Forty six of the forty nine conflicts which have begun since 1990 involve small arms and light weapons alone. These simple pieces of machinery, often available for as little as $20, move from conflict area to conflict area. And wherever they are found, children suffer. They suffer as orphans, forced into a precarious early adulthood as their parents are taken from them. They suffer the mental and physical trauma of abduction at gunpoint – a trauma that may only foreshadow the suffering to come. They see the damage that these weapons do to others, children and adults alike. They suffer the physical wounds of bullets or shrapnel. Most monstrous of all, they suffer as agents of others' suffering – using these simple, portable instruments of death to wreak havoc at adults' behest.

Yet children also suffer in a more indirect fashion. It is certain that the easy availability of cheap, durable small arms and light weapons creates armed conflict. And armed conflict creates an appalling environment for children. Its disruption may separate them from their families. It may force them into temporary shelters, where they are dependent on others' charity for survival, and endangered by even the most treatable of diseases. It may condemn them to a stunted future by denying them adequate food, health care or education. Its impoverishment may drive them to living on the streets, easy prey for armed factions and sexual oppressors. Above all, it makes children the innocent victims of their elders' principles or greed.

I am not an operational actor. Unlike the UN agencies here today who do so much for those affected by war, I cannot brief you on the work of programs or country teams. My role is advocacy alone. Throughout my mandate as Special Representative for Children and Armed Conflict I have emphasised the linkages between a vast range of issues and the plight of war-affected children. Disparities in wealth, education in hatred, the pursuit of political or financial goals – all play a part in creating armed conflict. Yet it is the instruments of death which turn disagreement into war. In every forum I address – whether it is the Security Council or a gathering of Junior High School students – I emphasise the link between small arms and war-affected children. I have seen the terrible consequences of this link in Kosovo, Colombia, Sierra Leone and Sudan. And in my advocacy I have consistently urged others to recognise this link and act upon it.

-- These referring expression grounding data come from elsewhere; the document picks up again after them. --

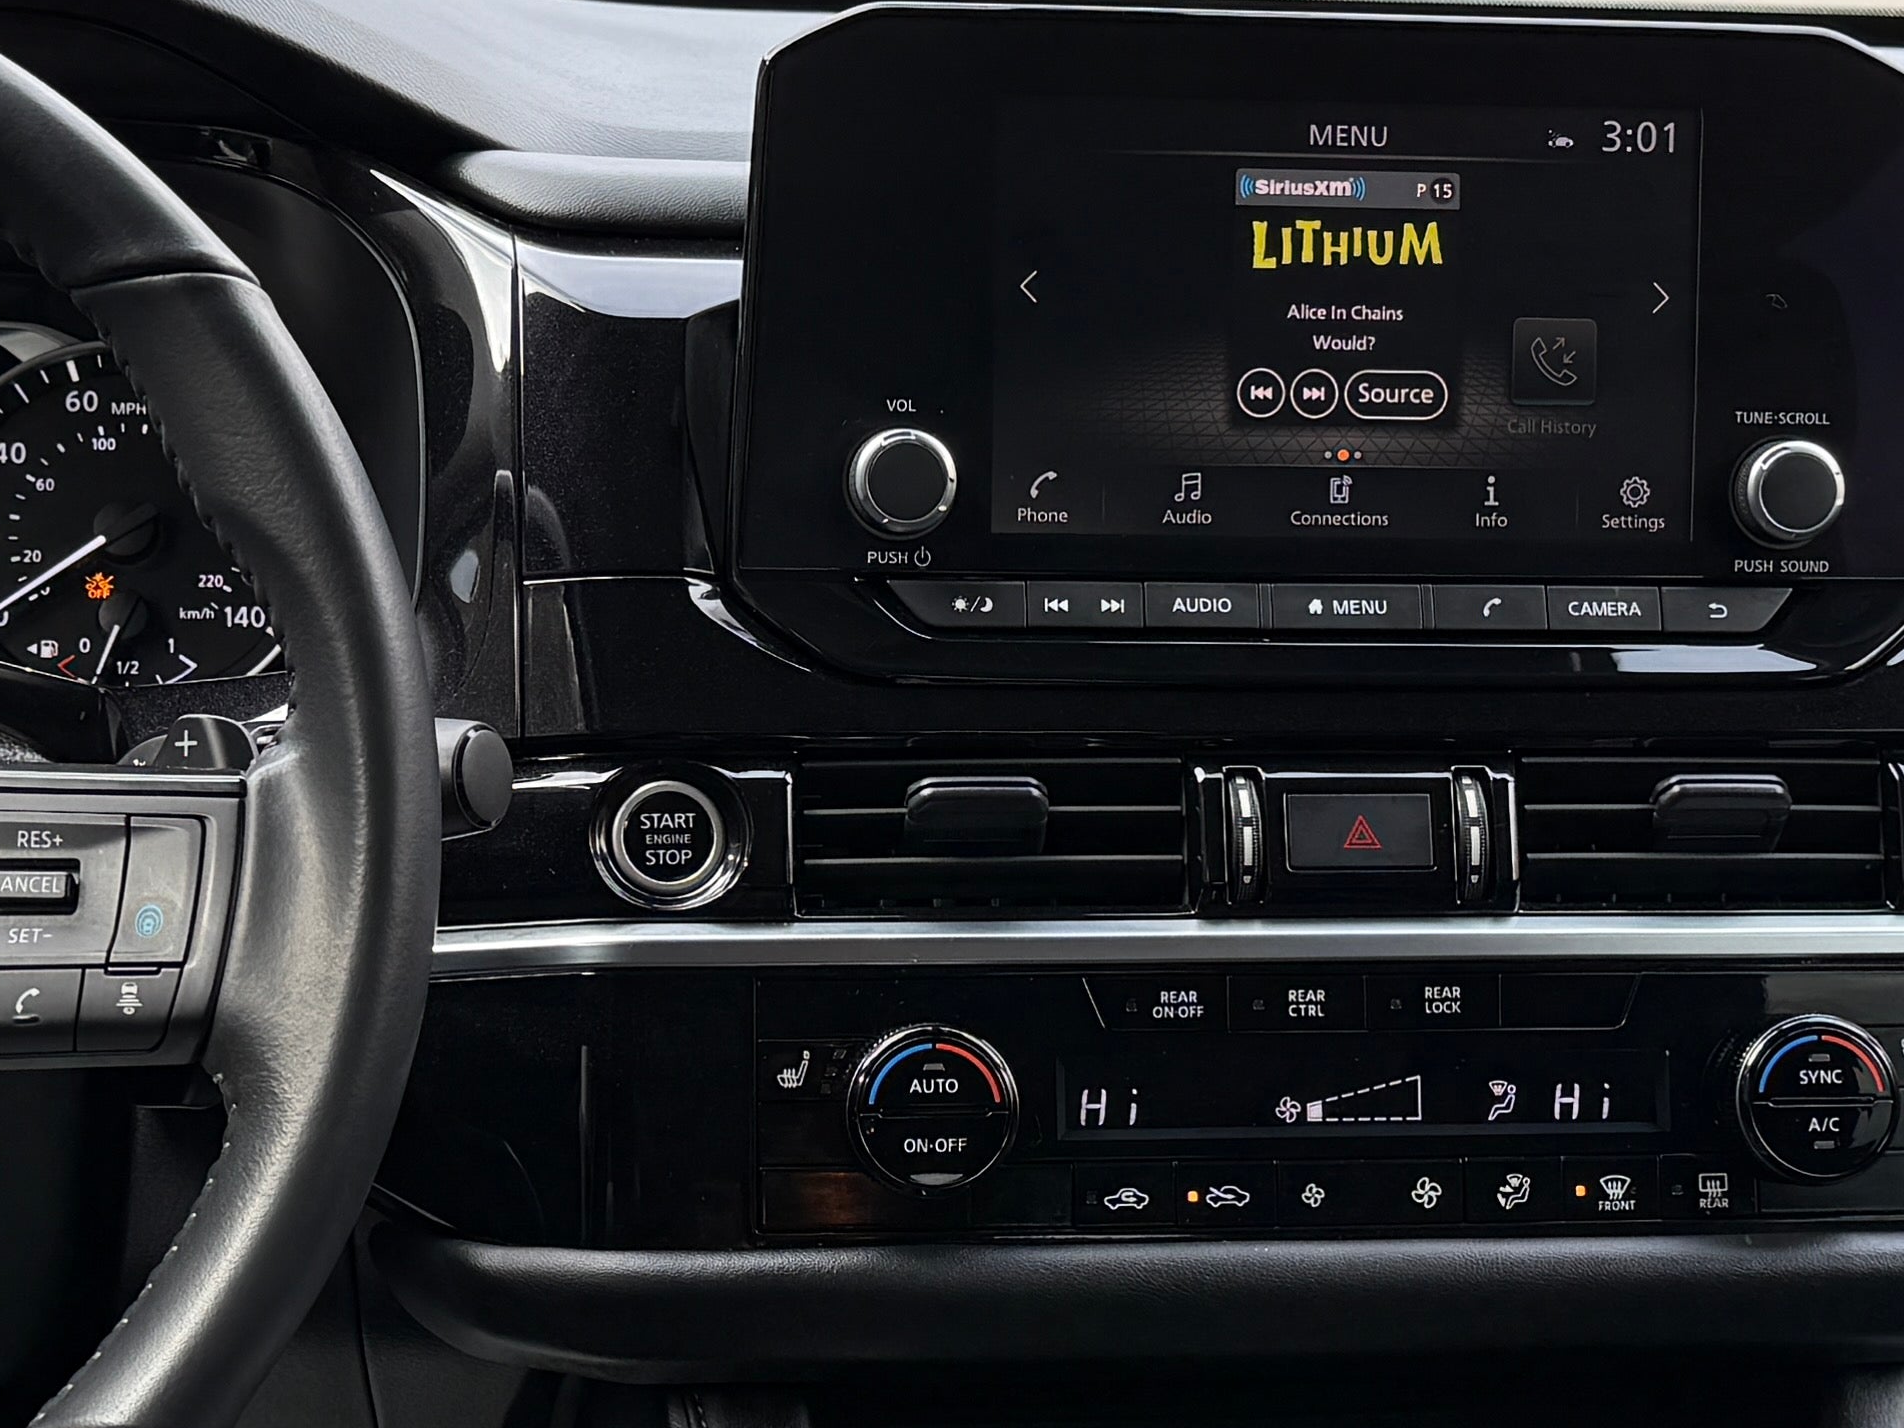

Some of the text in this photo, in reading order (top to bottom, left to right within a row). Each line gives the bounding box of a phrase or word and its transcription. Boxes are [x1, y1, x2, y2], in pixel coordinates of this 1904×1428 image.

[1309, 124, 1388, 147] MENU
[1601, 120, 1676, 153] 3:01
[1416, 183, 1453, 199] P 15
[1287, 304, 1404, 322] Alice In Chains
[1313, 334, 1376, 352] Would?
[64, 390, 99, 413] 60
[1358, 383, 1434, 404] Source
[111, 401, 147, 415] MPH
[886, 399, 917, 413] VOL
[1507, 419, 1597, 439] Call History
[91, 437, 116, 451] 100
[35, 478, 55, 492] 60
[1017, 507, 1069, 522] Phone
[1162, 509, 1212, 525] Audio
[1290, 510, 1389, 527] Connections
[1475, 512, 1508, 528] Info
[1601, 514, 1665, 532] Settings
[23, 550, 42, 563] 20
[867, 551, 908, 564] PUSH
[1734, 559, 1830, 573] PUSH SOUND
[198, 575, 224, 588] 220
[179, 606, 215, 620] km/h
[1172, 597, 1232, 613] AUDIO
[1332, 599, 1388, 615] MENU
[1568, 600, 1641, 617] CAMERA
[224, 606, 266, 628] 140
[79, 638, 91, 653] 0
[167, 638, 175, 653] 1
[116, 661, 139, 675] 1/2
[640, 813, 696, 829] START
[16, 830, 64, 848] RES+
[646, 834, 692, 845] ENGINE
[645, 849, 693, 865] STOP
[1160, 990, 1198, 1004] REAR
[1288, 989, 1326, 1003] REAR
[1424, 986, 1461, 999] REAR
[1288, 1004, 1325, 1017] CTRL
[1425, 1000, 1461, 1014] LOCK
[1799, 1069, 1843, 1085] SYNC
[909, 1078, 959, 1094] AUTO
[1807, 1117, 1840, 1133] A/C
[1598, 1199, 1636, 1212] FRONT
[1698, 1198, 1729, 1210] REAR

This action takes two broad forms. First, I have pressed for the establishment of new norms. I have engaged with regional and sub-regional organizations to ensure the protection of the rights and welfare of war-affected children, an engagement which sometimes bears fruit with an acknowledgment of the small arms link. At the OSCE Summit in Istanbul in November 1999 I emphasised the effects of the small arms trade on children; a year later I was present at the launching of the OSCE's Document on Small Arms and Light Weapons, with its explicit mention of the harm these weapons do to the most vulnerable.

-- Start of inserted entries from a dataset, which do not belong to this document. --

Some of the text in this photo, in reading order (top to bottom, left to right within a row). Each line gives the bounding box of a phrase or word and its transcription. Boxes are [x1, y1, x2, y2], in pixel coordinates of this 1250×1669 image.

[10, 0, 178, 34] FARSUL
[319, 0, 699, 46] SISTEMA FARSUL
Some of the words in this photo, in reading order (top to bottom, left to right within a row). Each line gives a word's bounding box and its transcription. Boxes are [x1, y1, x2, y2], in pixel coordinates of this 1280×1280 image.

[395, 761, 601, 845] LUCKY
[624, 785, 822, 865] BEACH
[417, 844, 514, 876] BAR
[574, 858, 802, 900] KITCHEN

Second, I have pressed for the application of existing norms. In 1997 the States members of ECOWAS agreed a moratorium on the importation, exportation and manufacture of small arms in West Africa. At Accra in April 2000 I urged that the Declaration and Plan of Action issuing from the Conference on War-Affected Children in West Africa embed this excellent initiative. And in every area of conflict, I have pressed states to combine their energies in Neighbourhood Initiatives, applying existing norms to ending the cross-border activities, particularly including the illicit trade in small arms, which do so much to victimize children.

Now I am urging a third kind of action. Throughout my advocacy I have been hampered by the lack of reliable data on war-affected children. Our figures are estimates; the links between issues are often circumstantial, rather than based on solid research. This is as true of the issue of the small arms trade as it is of child soldiers. Our hearts tell us that there must be a link between the volume of the small arms trade and the suffering of war-affected children, but our advocacy is undermined by the absence of chapter and verse. How many children are killed or injured by these weapons? Are these weapons legally or illegally obtained? What is the nature of the link between child soldiers and small arms? My office, in partnership with UNICEF, is developing a network of institutions which can undertake the research necessary to provide substantive answers to these and other questions. I hope that its work can inform the struggle to control the small arms trade for years to come, and so make a major contribution to ensuring that children have no place in war.